Task statement → Pictures stay out; print the rest of the listing below exactly as it stands.

(Data records begins)

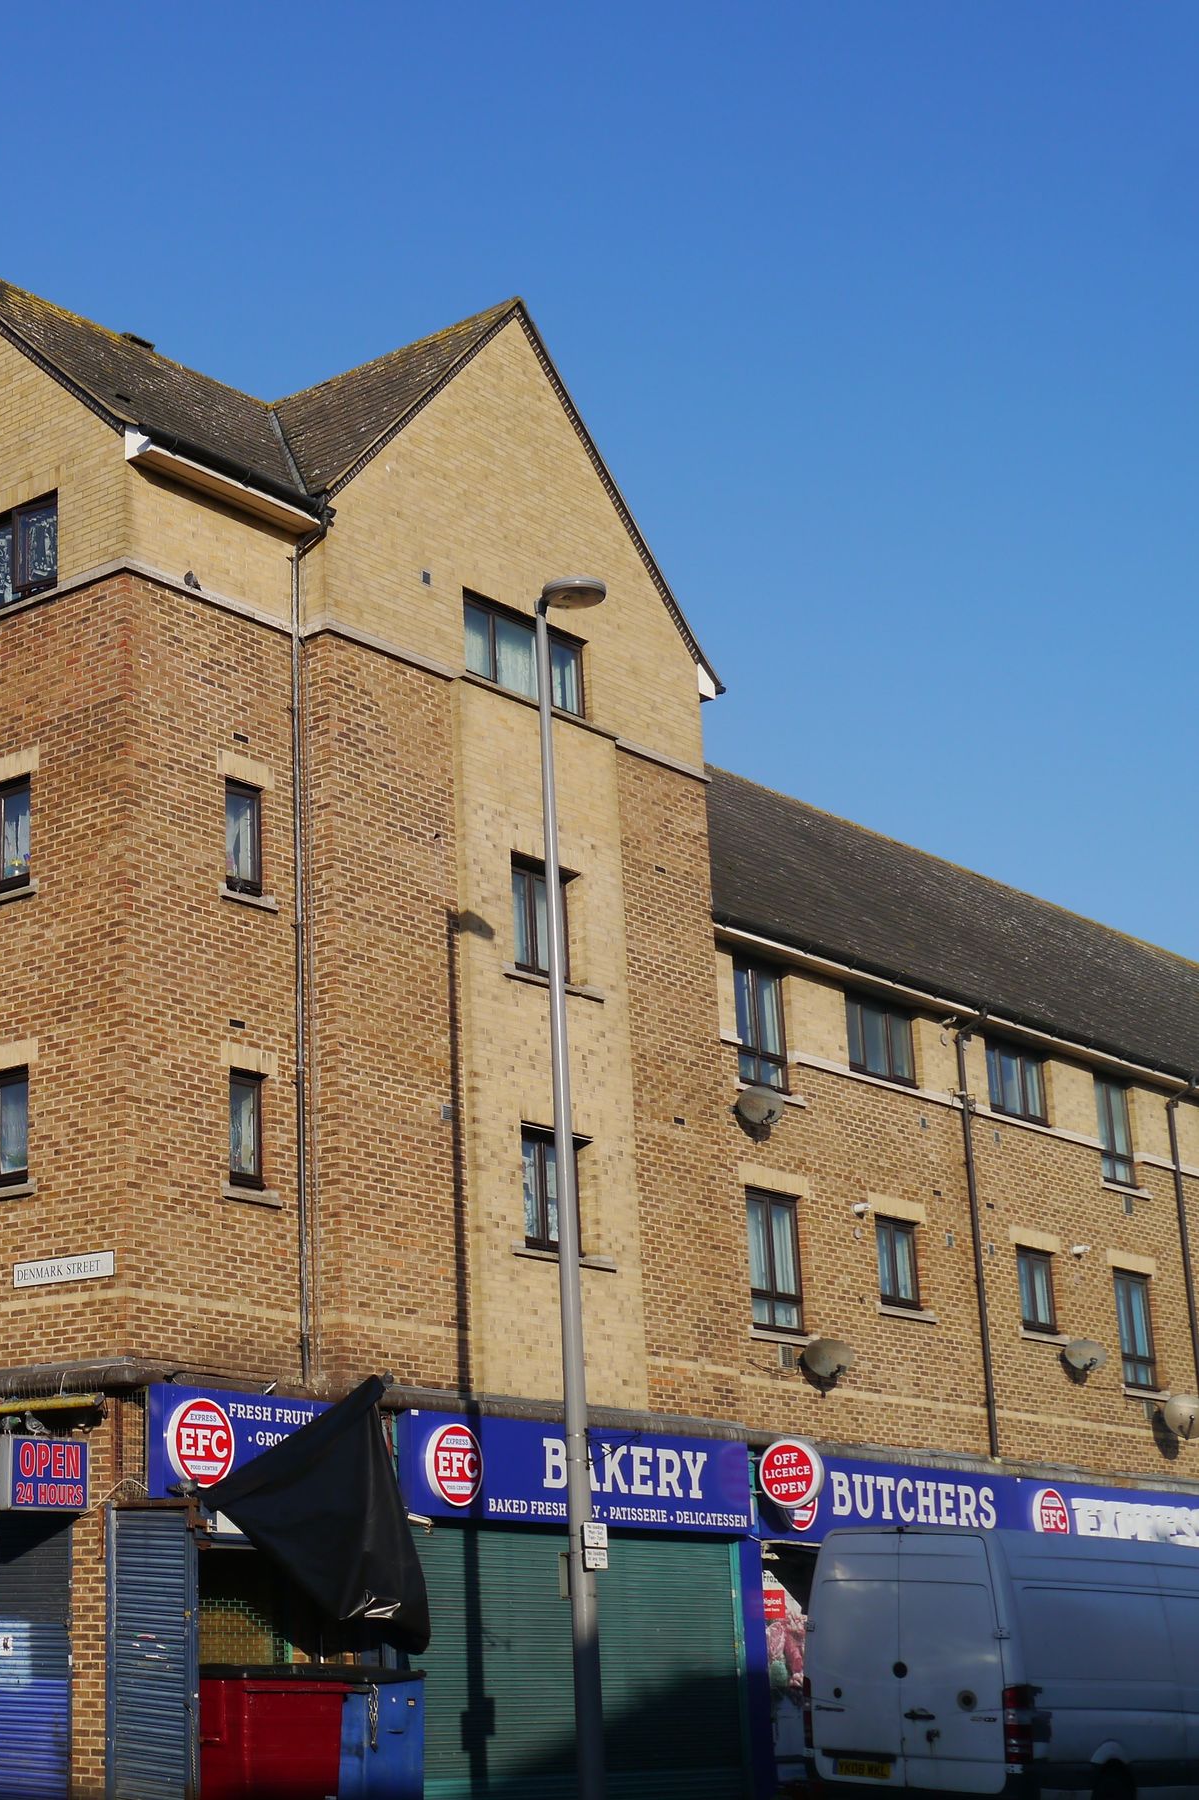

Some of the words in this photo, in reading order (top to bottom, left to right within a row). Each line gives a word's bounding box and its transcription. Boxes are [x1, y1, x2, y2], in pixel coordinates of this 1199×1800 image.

[17, 1264, 63, 1281] DENMARK
[66, 1259, 101, 1275] STREET
[190, 1413, 217, 1423] EXPRESS
[228, 1402, 272, 1422] FRESH
[275, 1408, 314, 1426] FRUIT
[179, 1427, 228, 1458] EFC
[445, 1437, 469, 1446] EXPRESS
[19, 1441, 81, 1479] OPEN
[436, 1451, 478, 1479] EFC
[773, 1452, 798, 1466] OFF
[764, 1465, 811, 1479] LICENCE
[16, 1482, 34, 1504] 24
[37, 1483, 84, 1506] HOURS
[771, 1481, 807, 1495] OPEN
[830, 1471, 997, 1529] BUTCHERS
[488, 1498, 528, 1514] BAKED
[530, 1500, 568, 1517] FRESH
[609, 1506, 668, 1524] PATISSERIE
[676, 1510, 748, 1528] DELICATESSEN
[1041, 1509, 1067, 1530] EFC

(Data records ends)

Written response →
Some of the words in this photo, in reading order (top to bottom, left to right within a row). Each line gives a word's bounding box and its transcription. Boxes are [x1, y1, x2, y2], in pixel coordinates of this 1199×1800 image.

[17, 1264, 63, 1281] DENMARK
[66, 1259, 101, 1275] STREET
[190, 1413, 217, 1423] EXPRESS
[228, 1402, 272, 1422] FRESH
[275, 1408, 314, 1426] FRUIT
[179, 1427, 228, 1458] EFC
[445, 1437, 469, 1446] EXPRESS
[19, 1441, 81, 1479] OPEN
[436, 1451, 478, 1479] EFC
[773, 1452, 798, 1466] OFF
[764, 1465, 811, 1479] LICENCE
[16, 1482, 34, 1504] 24
[37, 1483, 84, 1506] HOURS
[771, 1481, 807, 1495] OPEN
[830, 1471, 997, 1529] BUTCHERS
[488, 1498, 528, 1514] BAKED
[530, 1500, 568, 1517] FRESH
[609, 1506, 668, 1524] PATISSERIE
[676, 1510, 748, 1528] DELICATESSEN
[1041, 1509, 1067, 1530] EFC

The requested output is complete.